Evidence-Based Food Safety in Public Catering

Evidence-Based Food Safety in Public Catering

Food safety in public catering: a focus on evidence-based practices and norovirus prevention.

Illnesses and outbreaks caused by caliciviruses, particularly norovirus, highlight that there is no room for operations based on estimations in the hospitality and public catering sectors. According to the InDeRe Food Research Institute, the foundation of safe food production today is not merely knowing the rules, but their evidence-based, documented, and verifiable application in daily practice.

International public health and food safety experiences are clear: norovirus is one of the most significant pathogens causing foodborne illnesses. Its spread can be largely attributed to sick food handlers or those with inadequate hygiene practices, as well as contaminated surfaces and ready-to-eat foods. According to the latest European Union summary, the number of reported foodborne outbreaks increased in 2024, with norovirus being among the most frequently identified causative agents.

In this context, it is especially important that kitchen operations are not based on assumptions, routines, or an "it hasn't been a problem so far" approach. Evidence-based operation means that the food business operator understands the risks present in their own processes, how to prevent them, and what data, records, checks, and test results can substantiate all of this. This is now also a matter of reputation and legal certainty.

These processes clearly show the increasing importance of self-monitoring. Self-monitoring is not an administrative burden but the most crucial tool for responsible operation: daily verification that personal hygiene, hand hygiene, cleaning and disinfection, prevention of cross-contamination, heat treatment, the cold chain, and work organization are functioning correctly. Documented internal checks, recording deviations, and tracking corrective actions not only reduce risk but also make the existence of proper hygiene practices verifiable.

Discipline regarding the health status and employment of staff is particularly important. Exclusion from work in cases of vomiting and diarrhea symptoms, consistent adherence to return-to-work rules, the use of hand hygiene stations, and immediate disinfection protocols are not optional elements but fundamental requirements for epidemic prevention. Rules existing only on paper do not protect; true protection comes from the demonstrable alignment of daily kitchen operations with these rules.

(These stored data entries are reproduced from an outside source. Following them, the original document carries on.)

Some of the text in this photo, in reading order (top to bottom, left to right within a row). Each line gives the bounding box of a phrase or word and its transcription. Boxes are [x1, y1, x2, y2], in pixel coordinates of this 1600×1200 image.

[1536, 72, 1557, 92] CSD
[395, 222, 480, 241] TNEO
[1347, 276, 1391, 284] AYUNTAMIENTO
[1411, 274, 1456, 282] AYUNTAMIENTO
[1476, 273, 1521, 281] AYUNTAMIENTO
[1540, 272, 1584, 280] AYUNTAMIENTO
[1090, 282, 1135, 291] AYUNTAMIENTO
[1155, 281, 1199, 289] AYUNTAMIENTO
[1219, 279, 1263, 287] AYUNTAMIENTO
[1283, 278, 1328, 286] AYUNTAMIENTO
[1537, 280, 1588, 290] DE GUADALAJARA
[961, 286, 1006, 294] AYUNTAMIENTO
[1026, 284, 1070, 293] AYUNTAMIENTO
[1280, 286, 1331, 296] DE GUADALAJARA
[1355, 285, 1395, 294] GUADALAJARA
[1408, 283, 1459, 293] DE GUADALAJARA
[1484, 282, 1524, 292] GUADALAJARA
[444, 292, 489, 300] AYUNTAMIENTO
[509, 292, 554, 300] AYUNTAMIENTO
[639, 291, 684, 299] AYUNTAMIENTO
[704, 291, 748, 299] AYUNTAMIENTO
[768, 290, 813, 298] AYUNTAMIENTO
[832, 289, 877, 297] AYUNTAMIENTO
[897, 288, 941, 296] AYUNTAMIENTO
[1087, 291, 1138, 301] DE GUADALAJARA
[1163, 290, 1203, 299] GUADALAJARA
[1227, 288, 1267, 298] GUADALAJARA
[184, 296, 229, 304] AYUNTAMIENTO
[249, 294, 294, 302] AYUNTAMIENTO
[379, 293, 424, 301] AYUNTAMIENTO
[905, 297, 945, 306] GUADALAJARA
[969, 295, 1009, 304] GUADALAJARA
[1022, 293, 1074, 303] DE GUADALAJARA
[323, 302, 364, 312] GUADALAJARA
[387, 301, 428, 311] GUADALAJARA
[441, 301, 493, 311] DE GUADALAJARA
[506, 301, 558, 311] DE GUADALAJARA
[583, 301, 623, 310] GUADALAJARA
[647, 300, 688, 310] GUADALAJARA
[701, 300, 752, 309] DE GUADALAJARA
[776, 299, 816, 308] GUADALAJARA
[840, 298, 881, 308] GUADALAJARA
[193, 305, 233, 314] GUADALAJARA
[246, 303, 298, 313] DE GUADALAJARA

Microbiological testing plays a key role in this. Laboratory results do not replace good hygiene practices but are indispensable for their validation and verification. Properly designed sampling – whether of food samples, samples from the technological environment, or surface checks – provides an objective picture of whether kitchen processes are truly capable of preventing contamination. European regulations also stipulate that food business operators must verify the proper functioning of their HACCP-based and good hygiene practice-based systems with microbiological tests as necessary.

According to InDeRe, the successful kitchens of the future will be those that not only aim to comply but can also prove their compliance. The trust of guests, beneficiaries, operators, and authorities increasingly depends on a business's ability to operate based on data, measurably, and traceably.

Therefore, the InDeRe Food Research Institute urges stakeholders in the hospitality and public catering sectors to treat self-monitoring systems not as a mandatory minimum, but as a strategic line of defense. Well-established hygiene discipline, regular training, consistent internal control, and targeted microbiological testing together provide true safety – and together enable a food business operator to credibly demonstrate that proper hygiene practices are present not just on paper, but in daily operations within their kitchens.